**INSTRUCTIONS TO FOLLOW**
Please restate all of the records word for word, setting the pictures aside.

**WORKING DATA**
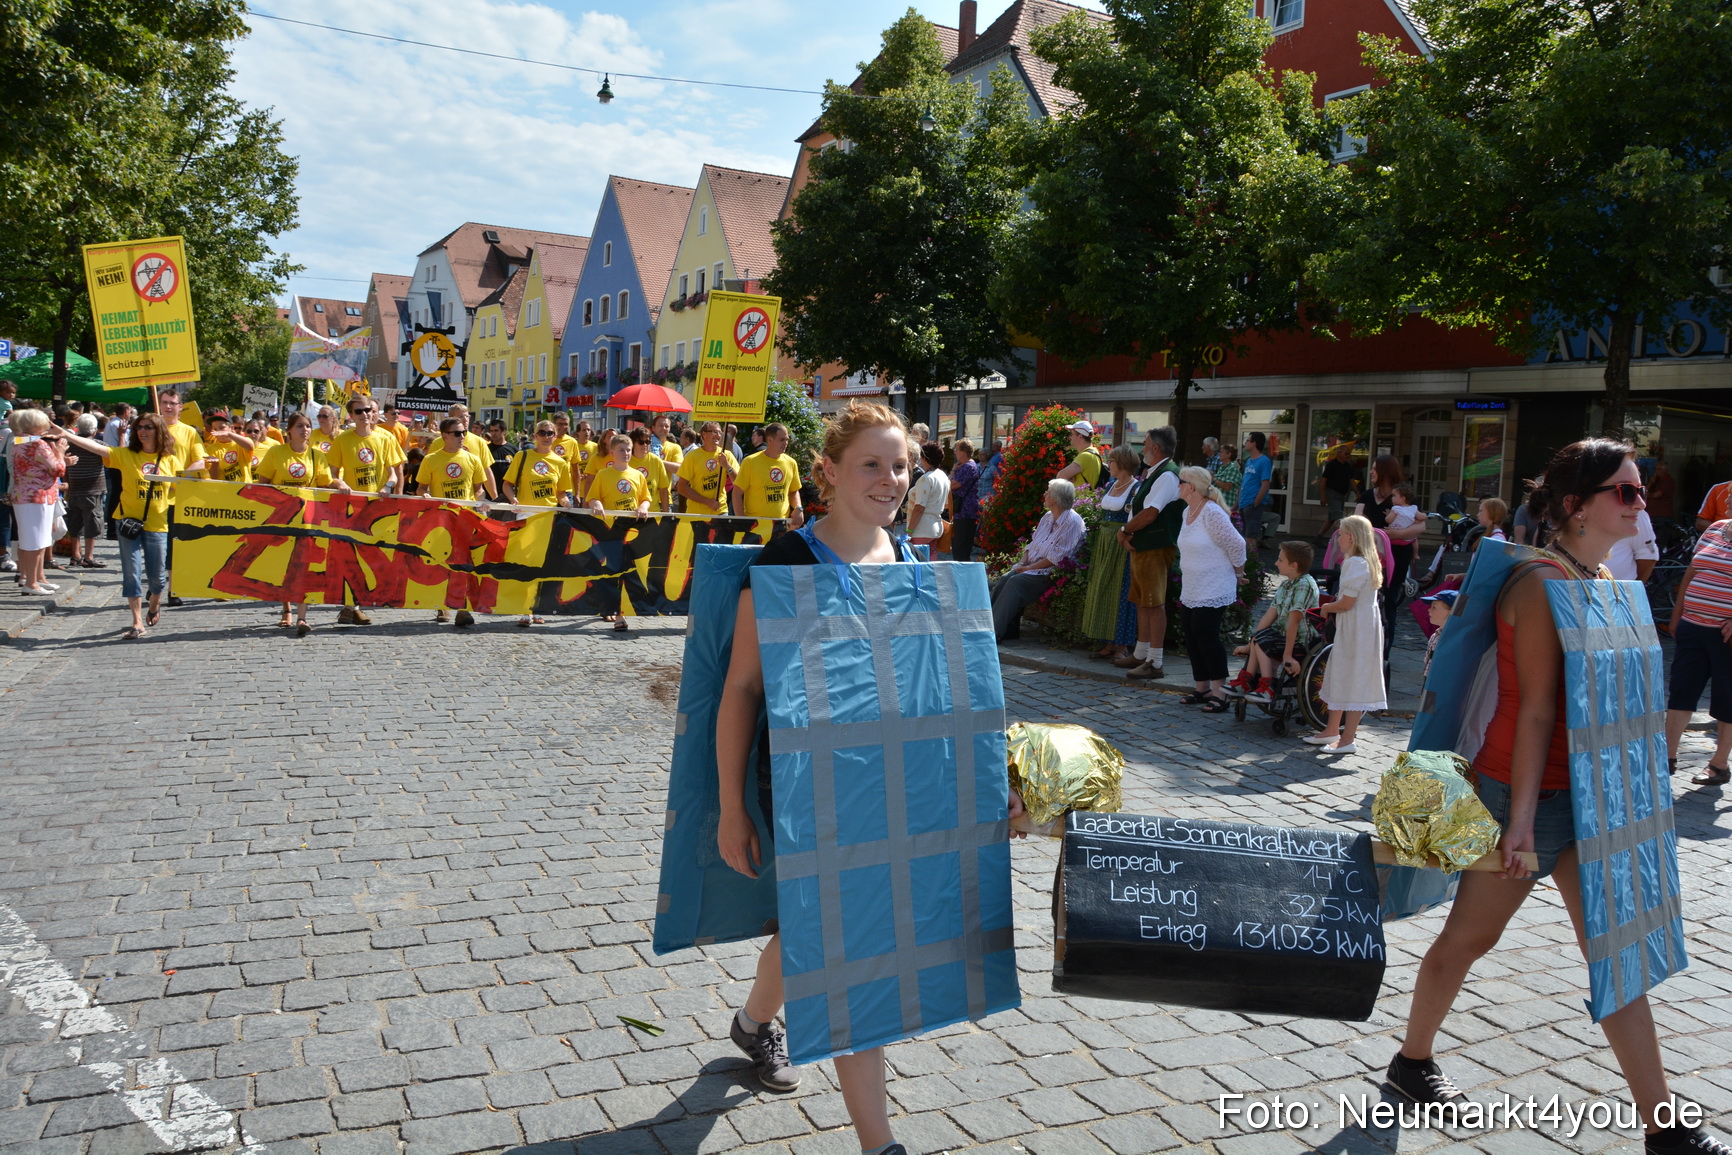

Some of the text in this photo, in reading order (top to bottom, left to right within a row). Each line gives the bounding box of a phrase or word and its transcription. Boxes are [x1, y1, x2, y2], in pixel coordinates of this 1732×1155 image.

[97, 271, 125, 287] NEIN!
[101, 310, 139, 326] HEIMAT
[103, 319, 187, 341] LEBENSQUALITÄT
[105, 337, 168, 356] GESUNDHEIT
[707, 340, 723, 359] JA
[108, 357, 155, 371] schützen!
[717, 362, 766, 373] Energiewende!
[702, 377, 735, 397] NEIN
[698, 400, 757, 409] zum Kohlestrom!
[357, 475, 378, 487] NEIN!
[445, 489, 466, 499] NEIN!
[534, 488, 553, 499] NEIN!
[767, 493, 785, 503] NEIN!
[184, 506, 256, 521] STROMTRASSE
[1077, 845, 1184, 877] Temperatur
[1110, 880, 1381, 927] Leistung 32,5 kW
[1140, 915, 1384, 961] Ertrag 131.033 kWh

**REPLY TO THE TASK**
Some of the text in this photo, in reading order (top to bottom, left to right within a row). Each line gives the bounding box of a phrase or word and its transcription. Boxes are [x1, y1, x2, y2], in pixel coordinates of this 1732×1155 image.

[97, 271, 125, 287] NEIN!
[101, 310, 139, 326] HEIMAT
[103, 319, 187, 341] LEBENSQUALITÄT
[105, 337, 168, 356] GESUNDHEIT
[707, 340, 723, 359] JA
[108, 357, 155, 371] schützen!
[717, 362, 766, 373] Energiewende!
[702, 377, 735, 397] NEIN
[698, 400, 757, 409] zum Kohlestrom!
[357, 475, 378, 487] NEIN!
[445, 489, 466, 499] NEIN!
[534, 488, 553, 499] NEIN!
[767, 493, 785, 503] NEIN!
[184, 506, 256, 521] STROMTRASSE
[1077, 845, 1184, 877] Temperatur
[1110, 880, 1381, 927] Leistung 32,5 kW
[1140, 915, 1384, 961] Ertrag 131.033 kWh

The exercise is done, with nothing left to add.